Activity →
Each entry needs to appear again, retyped exactly as it is below.

Provided records →
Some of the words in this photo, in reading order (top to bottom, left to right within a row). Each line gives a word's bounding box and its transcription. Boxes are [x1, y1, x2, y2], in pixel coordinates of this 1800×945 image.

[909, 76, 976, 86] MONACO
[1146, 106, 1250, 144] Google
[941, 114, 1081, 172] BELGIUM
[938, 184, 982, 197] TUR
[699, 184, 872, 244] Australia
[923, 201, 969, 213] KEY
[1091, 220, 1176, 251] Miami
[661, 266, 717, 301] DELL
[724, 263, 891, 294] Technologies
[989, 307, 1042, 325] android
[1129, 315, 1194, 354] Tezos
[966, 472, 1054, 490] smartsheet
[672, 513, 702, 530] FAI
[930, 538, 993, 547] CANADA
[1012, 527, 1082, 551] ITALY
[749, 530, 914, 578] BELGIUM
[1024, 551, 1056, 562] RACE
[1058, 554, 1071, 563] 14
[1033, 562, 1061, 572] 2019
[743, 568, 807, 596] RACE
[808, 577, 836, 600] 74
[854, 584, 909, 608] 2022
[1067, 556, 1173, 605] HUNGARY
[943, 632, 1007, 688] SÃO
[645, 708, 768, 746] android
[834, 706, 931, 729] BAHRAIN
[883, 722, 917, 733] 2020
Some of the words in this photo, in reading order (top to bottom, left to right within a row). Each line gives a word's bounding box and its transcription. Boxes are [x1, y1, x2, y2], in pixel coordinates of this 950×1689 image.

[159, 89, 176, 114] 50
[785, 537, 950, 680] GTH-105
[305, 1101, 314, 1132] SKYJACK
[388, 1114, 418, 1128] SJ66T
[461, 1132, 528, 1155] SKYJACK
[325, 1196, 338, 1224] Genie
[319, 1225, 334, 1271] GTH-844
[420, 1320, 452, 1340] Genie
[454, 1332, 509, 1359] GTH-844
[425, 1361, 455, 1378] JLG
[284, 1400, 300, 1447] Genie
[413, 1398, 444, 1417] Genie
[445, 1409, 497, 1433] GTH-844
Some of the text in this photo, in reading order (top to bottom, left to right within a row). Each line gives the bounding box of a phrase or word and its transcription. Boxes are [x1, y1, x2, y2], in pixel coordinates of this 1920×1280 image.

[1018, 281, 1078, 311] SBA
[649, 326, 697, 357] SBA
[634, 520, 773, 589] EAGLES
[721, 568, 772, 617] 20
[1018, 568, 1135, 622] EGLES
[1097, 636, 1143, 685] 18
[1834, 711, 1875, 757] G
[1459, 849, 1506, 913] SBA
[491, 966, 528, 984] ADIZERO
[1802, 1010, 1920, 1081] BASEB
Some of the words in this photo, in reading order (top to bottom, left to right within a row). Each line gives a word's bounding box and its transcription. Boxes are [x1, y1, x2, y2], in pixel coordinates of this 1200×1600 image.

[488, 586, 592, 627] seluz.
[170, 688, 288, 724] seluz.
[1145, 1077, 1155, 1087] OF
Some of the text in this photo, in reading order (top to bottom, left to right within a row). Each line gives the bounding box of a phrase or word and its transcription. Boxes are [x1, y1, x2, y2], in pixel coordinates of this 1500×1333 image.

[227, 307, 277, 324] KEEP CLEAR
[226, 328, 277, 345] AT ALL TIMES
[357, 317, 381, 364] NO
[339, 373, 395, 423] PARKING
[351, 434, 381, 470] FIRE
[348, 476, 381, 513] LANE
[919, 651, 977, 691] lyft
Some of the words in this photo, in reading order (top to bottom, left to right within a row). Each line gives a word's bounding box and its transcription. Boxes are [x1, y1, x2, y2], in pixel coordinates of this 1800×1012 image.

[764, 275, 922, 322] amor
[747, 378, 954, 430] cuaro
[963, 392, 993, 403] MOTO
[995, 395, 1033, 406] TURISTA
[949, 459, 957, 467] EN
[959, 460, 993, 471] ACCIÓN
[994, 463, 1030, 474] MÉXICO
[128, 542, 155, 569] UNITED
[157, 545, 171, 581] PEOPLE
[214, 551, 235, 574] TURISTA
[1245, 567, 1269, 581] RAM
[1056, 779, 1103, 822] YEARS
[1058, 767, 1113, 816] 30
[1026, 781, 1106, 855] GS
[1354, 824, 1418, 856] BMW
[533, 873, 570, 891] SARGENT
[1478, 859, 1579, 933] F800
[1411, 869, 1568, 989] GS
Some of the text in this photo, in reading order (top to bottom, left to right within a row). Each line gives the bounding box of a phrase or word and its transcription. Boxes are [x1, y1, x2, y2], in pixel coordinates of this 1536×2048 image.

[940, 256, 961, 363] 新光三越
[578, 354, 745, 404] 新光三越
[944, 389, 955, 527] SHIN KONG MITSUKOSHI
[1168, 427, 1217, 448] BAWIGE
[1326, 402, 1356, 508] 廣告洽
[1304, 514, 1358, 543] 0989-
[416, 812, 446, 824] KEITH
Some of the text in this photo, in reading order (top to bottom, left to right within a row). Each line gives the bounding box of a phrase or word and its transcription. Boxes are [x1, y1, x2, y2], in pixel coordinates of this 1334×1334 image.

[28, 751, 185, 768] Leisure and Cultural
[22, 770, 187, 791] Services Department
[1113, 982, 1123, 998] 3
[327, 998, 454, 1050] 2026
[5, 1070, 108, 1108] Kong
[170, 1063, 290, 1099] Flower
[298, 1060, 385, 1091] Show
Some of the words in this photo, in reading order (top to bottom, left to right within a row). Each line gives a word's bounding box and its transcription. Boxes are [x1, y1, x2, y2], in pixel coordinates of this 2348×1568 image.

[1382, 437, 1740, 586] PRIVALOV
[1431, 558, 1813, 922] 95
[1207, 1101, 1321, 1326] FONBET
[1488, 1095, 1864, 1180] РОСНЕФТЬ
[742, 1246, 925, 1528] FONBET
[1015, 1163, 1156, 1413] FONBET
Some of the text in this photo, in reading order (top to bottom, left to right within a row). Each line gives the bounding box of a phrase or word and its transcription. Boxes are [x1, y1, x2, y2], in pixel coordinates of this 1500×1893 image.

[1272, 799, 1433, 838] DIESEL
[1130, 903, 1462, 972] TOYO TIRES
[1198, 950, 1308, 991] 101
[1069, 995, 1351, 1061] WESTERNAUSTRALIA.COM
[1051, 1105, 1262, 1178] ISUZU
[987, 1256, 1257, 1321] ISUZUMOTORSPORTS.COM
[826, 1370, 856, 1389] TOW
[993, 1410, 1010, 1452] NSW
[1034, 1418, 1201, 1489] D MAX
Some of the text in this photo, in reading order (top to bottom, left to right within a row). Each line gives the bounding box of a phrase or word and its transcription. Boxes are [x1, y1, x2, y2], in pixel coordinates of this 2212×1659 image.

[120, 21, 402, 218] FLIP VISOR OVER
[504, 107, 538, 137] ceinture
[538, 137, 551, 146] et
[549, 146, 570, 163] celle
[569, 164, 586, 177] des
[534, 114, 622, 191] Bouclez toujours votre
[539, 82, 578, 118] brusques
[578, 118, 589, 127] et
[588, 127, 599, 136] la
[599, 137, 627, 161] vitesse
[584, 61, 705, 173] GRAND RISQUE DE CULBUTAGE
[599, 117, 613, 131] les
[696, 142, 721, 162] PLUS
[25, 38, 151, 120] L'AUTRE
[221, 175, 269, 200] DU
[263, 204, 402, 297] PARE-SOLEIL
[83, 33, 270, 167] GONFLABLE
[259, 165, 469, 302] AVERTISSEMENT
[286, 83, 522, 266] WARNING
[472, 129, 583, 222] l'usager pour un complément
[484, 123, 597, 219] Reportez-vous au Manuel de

Solution to the problem →
Some of the words in this photo, in reading order (top to bottom, left to right within a row). Each line gives a word's bounding box and its transcription. Boxes are [x1, y1, x2, y2], in pixel coordinates of this 1800×945 image.

[909, 76, 976, 86] MONACO
[1146, 106, 1250, 144] Google
[941, 114, 1081, 172] BELGIUM
[938, 184, 982, 197] TUR
[699, 184, 872, 244] Australia
[923, 201, 969, 213] KEY
[1091, 220, 1176, 251] Miami
[661, 266, 717, 301] DELL
[724, 263, 891, 294] Technologies
[989, 307, 1042, 325] android
[1129, 315, 1194, 354] Tezos
[966, 472, 1054, 490] smartsheet
[672, 513, 702, 530] FAI
[930, 538, 993, 547] CANADA
[1012, 527, 1082, 551] ITALY
[749, 530, 914, 578] BELGIUM
[1024, 551, 1056, 562] RACE
[1058, 554, 1071, 563] 14
[1033, 562, 1061, 572] 2019
[743, 568, 807, 596] RACE
[808, 577, 836, 600] 74
[854, 584, 909, 608] 2022
[1067, 556, 1173, 605] HUNGARY
[943, 632, 1007, 688] SÃO
[645, 708, 768, 746] android
[834, 706, 931, 729] BAHRAIN
[883, 722, 917, 733] 2020
Some of the words in this photo, in reading order (top to bottom, left to right within a row). Each line gives a word's bounding box and its transcription. Boxes are [x1, y1, x2, y2], in pixel coordinates of this 950×1689 image.

[159, 89, 176, 114] 50
[785, 537, 950, 680] GTH-105
[305, 1101, 314, 1132] SKYJACK
[388, 1114, 418, 1128] SJ66T
[461, 1132, 528, 1155] SKYJACK
[325, 1196, 338, 1224] Genie
[319, 1225, 334, 1271] GTH-844
[420, 1320, 452, 1340] Genie
[454, 1332, 509, 1359] GTH-844
[425, 1361, 455, 1378] JLG
[284, 1400, 300, 1447] Genie
[413, 1398, 444, 1417] Genie
[445, 1409, 497, 1433] GTH-844
Some of the text in this photo, in reading order (top to bottom, left to right within a row). Each line gives the bounding box of a phrase or word and its transcription. Boxes are [x1, y1, x2, y2], in pixel coordinates of this 1920×1280 image.

[1018, 281, 1078, 311] SBA
[649, 326, 697, 357] SBA
[634, 520, 773, 589] EAGLES
[721, 568, 772, 617] 20
[1018, 568, 1135, 622] EGLES
[1097, 636, 1143, 685] 18
[1834, 711, 1875, 757] G
[1459, 849, 1506, 913] SBA
[491, 966, 528, 984] ADIZERO
[1802, 1010, 1920, 1081] BASEB
Some of the words in this photo, in reading order (top to bottom, left to right within a row). Each line gives a word's bounding box and its transcription. Boxes are [x1, y1, x2, y2], in pixel coordinates of this 1200×1600 image.

[488, 586, 592, 627] seluz.
[170, 688, 288, 724] seluz.
[1145, 1077, 1155, 1087] OF
Some of the text in this photo, in reading order (top to bottom, left to right within a row). Each line gives the bounding box of a phrase or word and its transcription. Boxes are [x1, y1, x2, y2], in pixel coordinates of this 1500×1333 image.

[227, 307, 277, 324] KEEP CLEAR
[226, 328, 277, 345] AT ALL TIMES
[357, 317, 381, 364] NO
[339, 373, 395, 423] PARKING
[351, 434, 381, 470] FIRE
[348, 476, 381, 513] LANE
[919, 651, 977, 691] lyft
Some of the words in this photo, in reading order (top to bottom, left to right within a row). Each line gives a word's bounding box and its transcription. Boxes are [x1, y1, x2, y2], in pixel coordinates of this 1800×1012 image.

[764, 275, 922, 322] amor
[747, 378, 954, 430] cuaro
[963, 392, 993, 403] MOTO
[995, 395, 1033, 406] TURISTA
[949, 459, 957, 467] EN
[959, 460, 993, 471] ACCIÓN
[994, 463, 1030, 474] MÉXICO
[128, 542, 155, 569] UNITED
[157, 545, 171, 581] PEOPLE
[214, 551, 235, 574] TURISTA
[1245, 567, 1269, 581] RAM
[1056, 779, 1103, 822] YEARS
[1058, 767, 1113, 816] 30
[1026, 781, 1106, 855] GS
[1354, 824, 1418, 856] BMW
[533, 873, 570, 891] SARGENT
[1478, 859, 1579, 933] F800
[1411, 869, 1568, 989] GS
Some of the text in this photo, in reading order (top to bottom, left to right within a row). Each line gives the bounding box of a phrase or word and its transcription. Boxes are [x1, y1, x2, y2], in pixel coordinates of this 1536×2048 image.

[940, 256, 961, 363] 新光三越
[578, 354, 745, 404] 新光三越
[944, 389, 955, 527] SHIN KONG MITSUKOSHI
[1168, 427, 1217, 448] BAWIGE
[1326, 402, 1356, 508] 廣告洽
[1304, 514, 1358, 543] 0989-
[416, 812, 446, 824] KEITH
Some of the text in this photo, in reading order (top to bottom, left to right within a row). Each line gives the bounding box of a phrase or word and its transcription. Boxes are [x1, y1, x2, y2], in pixel coordinates of this 1334×1334 image.

[28, 751, 185, 768] Leisure and Cultural
[22, 770, 187, 791] Services Department
[1113, 982, 1123, 998] 3
[327, 998, 454, 1050] 2026
[5, 1070, 108, 1108] Kong
[170, 1063, 290, 1099] Flower
[298, 1060, 385, 1091] Show
Some of the words in this photo, in reading order (top to bottom, left to right within a row). Each line gives a word's bounding box and its transcription. Boxes are [x1, y1, x2, y2], in pixel coordinates of this 2348×1568 image.

[1382, 437, 1740, 586] PRIVALOV
[1431, 558, 1813, 922] 95
[1207, 1101, 1321, 1326] FONBET
[1488, 1095, 1864, 1180] РОСНЕФТЬ
[742, 1246, 925, 1528] FONBET
[1015, 1163, 1156, 1413] FONBET
Some of the text in this photo, in reading order (top to bottom, left to right within a row). Each line gives the bounding box of a phrase or word and its transcription. Boxes are [x1, y1, x2, y2], in pixel coordinates of this 1500×1893 image.

[1272, 799, 1433, 838] DIESEL
[1130, 903, 1462, 972] TOYO TIRES
[1198, 950, 1308, 991] 101
[1069, 995, 1351, 1061] WESTERNAUSTRALIA.COM
[1051, 1105, 1262, 1178] ISUZU
[987, 1256, 1257, 1321] ISUZUMOTORSPORTS.COM
[826, 1370, 856, 1389] TOW
[993, 1410, 1010, 1452] NSW
[1034, 1418, 1201, 1489] D MAX
Some of the text in this photo, in reading order (top to bottom, left to right within a row). Each line gives the bounding box of a phrase or word and its transcription. Boxes are [x1, y1, x2, y2], in pixel coordinates of this 2212×1659 image.

[120, 21, 402, 218] FLIP VISOR OVER
[504, 107, 538, 137] ceinture
[538, 137, 551, 146] et
[549, 146, 570, 163] celle
[569, 164, 586, 177] des
[534, 114, 622, 191] Bouclez toujours votre
[539, 82, 578, 118] brusques
[578, 118, 589, 127] et
[588, 127, 599, 136] la
[599, 137, 627, 161] vitesse
[584, 61, 705, 173] GRAND RISQUE DE CULBUTAGE
[599, 117, 613, 131] les
[696, 142, 721, 162] PLUS
[25, 38, 151, 120] L'AUTRE
[221, 175, 269, 200] DU
[263, 204, 402, 297] PARE-SOLEIL
[83, 33, 270, 167] GONFLABLE
[259, 165, 469, 302] AVERTISSEMENT
[286, 83, 522, 266] WARNING
[472, 129, 583, 222] l'usager pour un complément
[484, 123, 597, 219] Reportez-vous au Manuel de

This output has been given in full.